The “Guru” who had given an advice to the users to change their password every 90 days to protect their data is now regretting his own words.
Bill Burr, the author of an influential guide to computer passwords, disclosed his views in an interview with the Wall Street Journal, about the tips he gave about 16 years ago to the computer users.
Being the author of an influential guide to computer passwords, he had advised people not only to muddle up the letters of the password by adding capital letters, symbols and numbers to make the protected password “pr0t3cT3d4!”, but also he had advised to change a password every 90 days.
Now Mr Burr says that the problem has emerged proving the theory comes unstuck in practice, he also admits that his 2003 manual was “barking up the wrong tree”.

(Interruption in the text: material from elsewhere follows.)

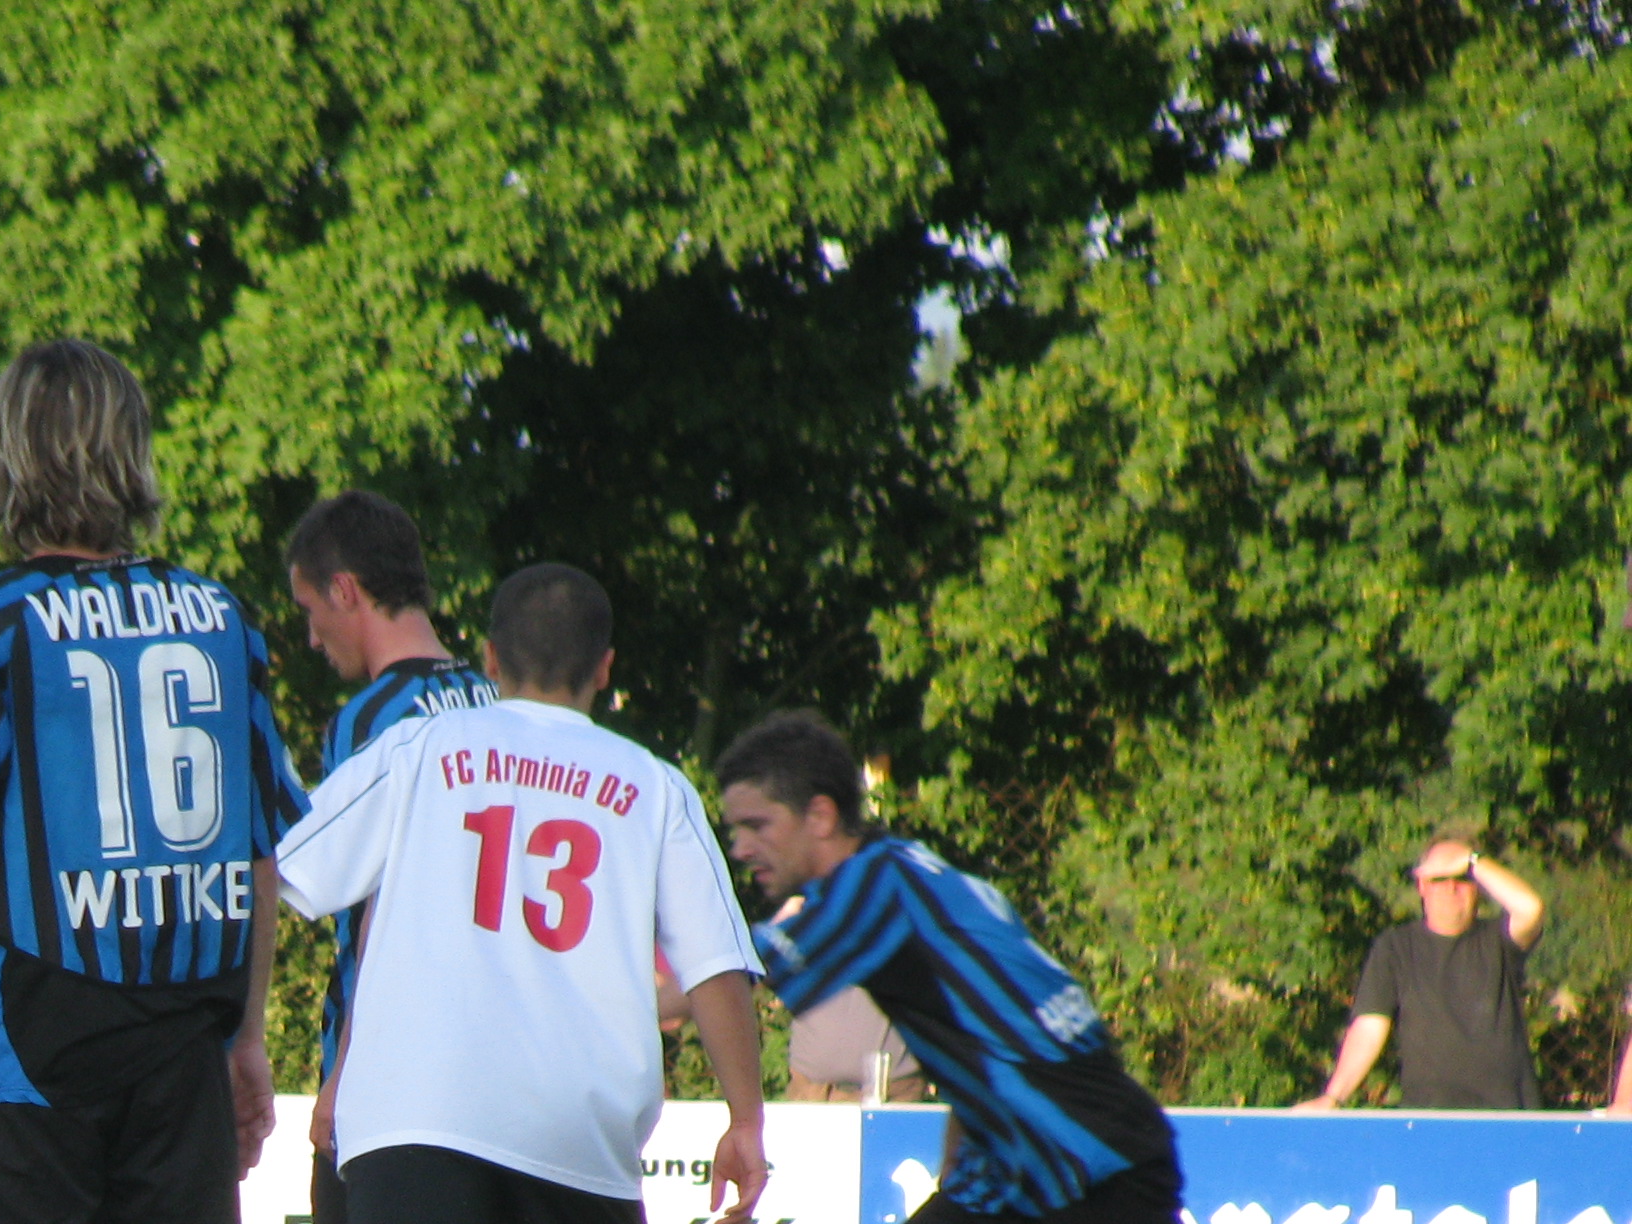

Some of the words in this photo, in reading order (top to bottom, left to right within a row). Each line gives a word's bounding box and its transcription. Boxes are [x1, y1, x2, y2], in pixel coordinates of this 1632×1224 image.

Current guidelines in this regard, no longer suggest passwords should be frequently changed, because people diversify their passwords by making only small alterations to their existing passwords – for instance, changing “sImrun” into “sImrunn”- making the codes relatively easy to deduce.
It has also been demonstrated that it takes longer time for computers to crack a random mix of words – such as “Black Chimpanzees brown caT” – than it enables them to guess a word with easy-to-remember substitutions – such as “br0k3n”.
Mr Burr’s original advice was distributed by the US government’s NIST (National Institute of Standards and Technology).
It has since been amended many times, with the most recent edition being released in the month of June.
Prof Alan Woodward, from the University of Surrey said,
“Anything published under the Nist banner tends to be influential, so these guidelines have had a long lasting impact,”
“But we’ve known for some considerable time that these guidelines actually had a rather unfortunate effect”.
For instance, the more often you advice someone to change their password, the weaker the passwords they choose typically.
“And, as we have all now so many online accounts, the situation is compounded so it encourages behaviours such as password reuse across systems.”
Dr Steven Murdoch, from University College London said,
“It’s good that password advice is now being updated to be based on evidence,”
“But there is still traditional advice in other areas of computer security being perpetuated despite us knowing it won’t work.
“We need research to tell us what security advice will actually improve the situation, and for the government and companies to pay attention to results.
Britain’s National Cyber Security Centre has issued its guidance on the matter in 2015.
It recommended that organisations have abandoned a policy of pushing their users into continuous password resets, and that they should be supporting the use of password managers – programs that can securely store hundreds of different logins, avoiding the requirement to memorise each one.